• **Try it**
Write exactly, with no line omitted or added, the span beginning at the line that holds "this 1386×1387 image." and ending at the last line of the records.
══ Records shown
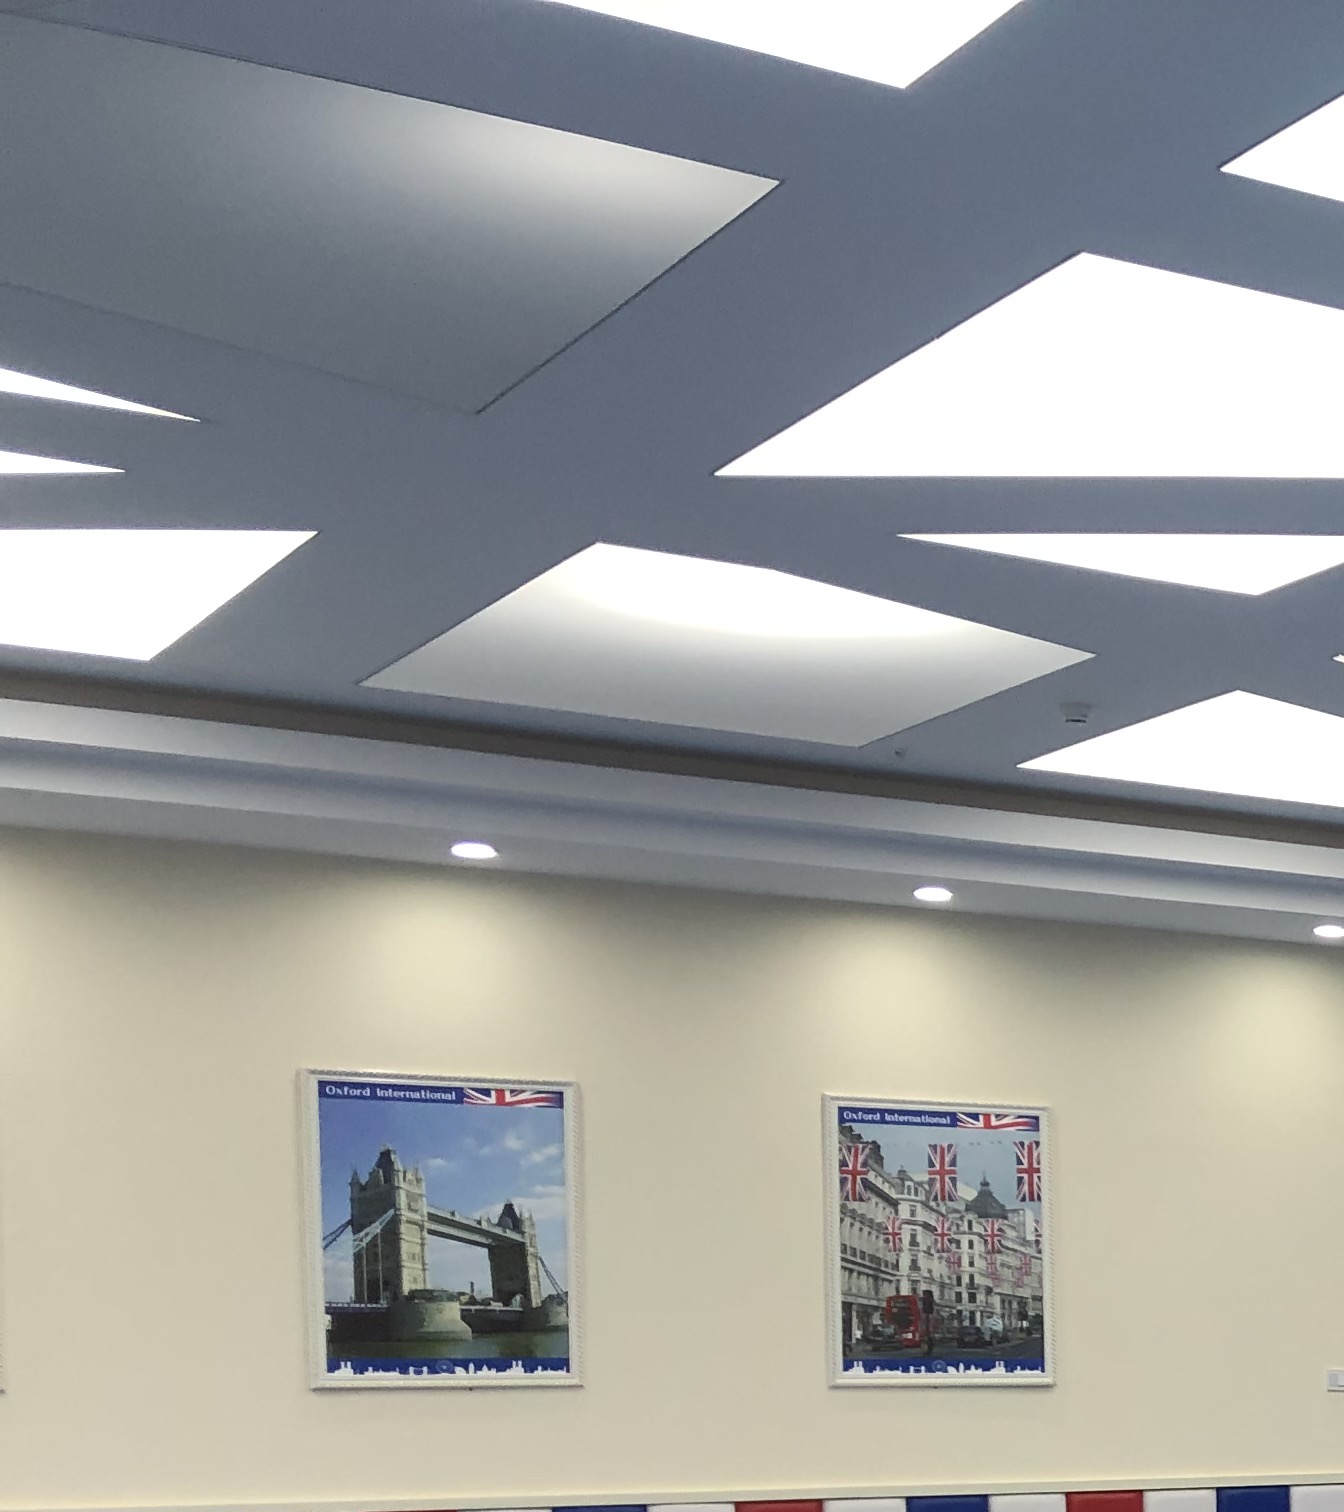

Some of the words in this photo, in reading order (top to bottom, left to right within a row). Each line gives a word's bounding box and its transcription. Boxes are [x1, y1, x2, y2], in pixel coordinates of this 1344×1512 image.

[325, 1084, 371, 1097] Oxford
[376, 1087, 456, 1101] International
[843, 1110, 880, 1121] Oxford
[884, 1112, 951, 1125] International
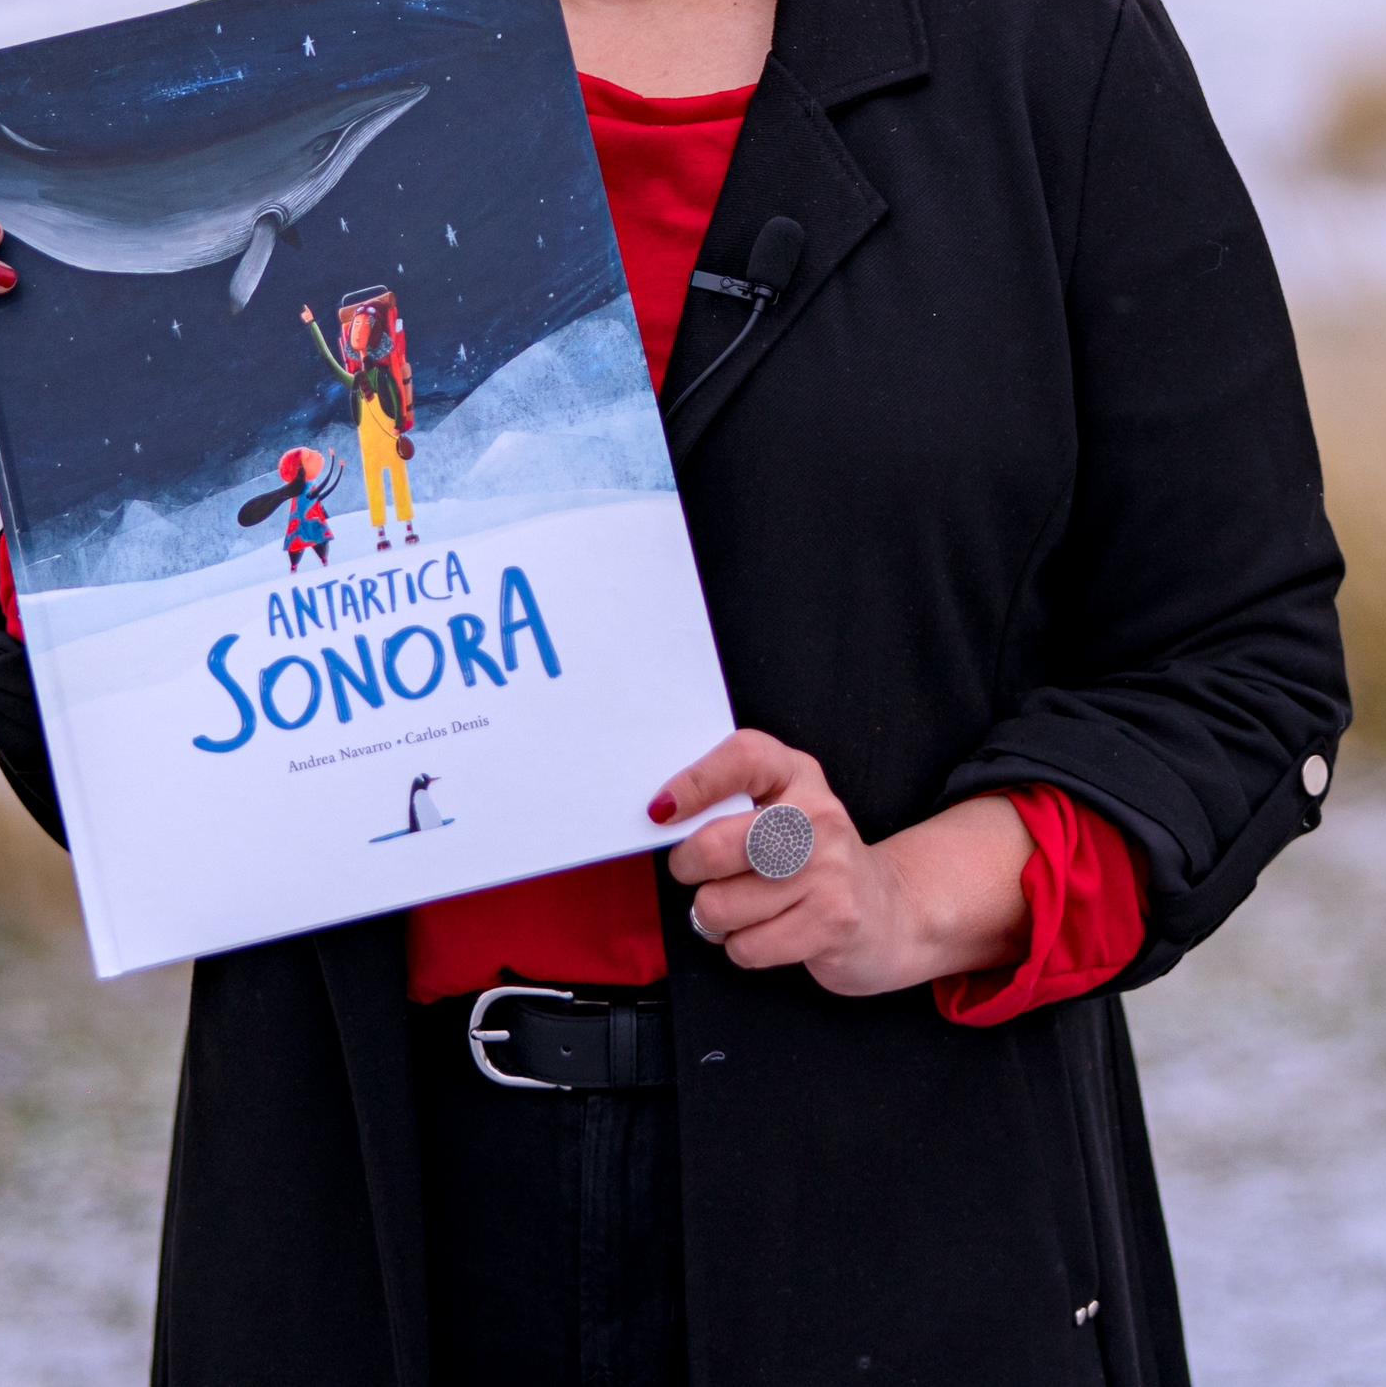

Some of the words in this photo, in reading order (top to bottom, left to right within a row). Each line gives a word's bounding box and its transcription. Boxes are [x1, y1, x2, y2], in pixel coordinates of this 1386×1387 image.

[268, 550, 471, 639] ANTÁRTICA
[192, 566, 562, 753] SONORA
[287, 753, 336, 773] Andrea
[339, 740, 392, 761] Navarro
[404, 727, 447, 745] Carlos
[451, 715, 490, 734] Denis
════
• **Solution**
Some of the words in this photo, in reading order (top to bottom, left to right within a row). Each line gives a word's bounding box and its transcription. Boxes are [x1, y1, x2, y2], in pixel coordinates of this 1386×1387 image.

[268, 550, 471, 639] ANTÁRTICA
[192, 566, 562, 753] SONORA
[287, 753, 336, 773] Andrea
[339, 740, 392, 761] Navarro
[404, 727, 447, 745] Carlos
[451, 715, 490, 734] Denis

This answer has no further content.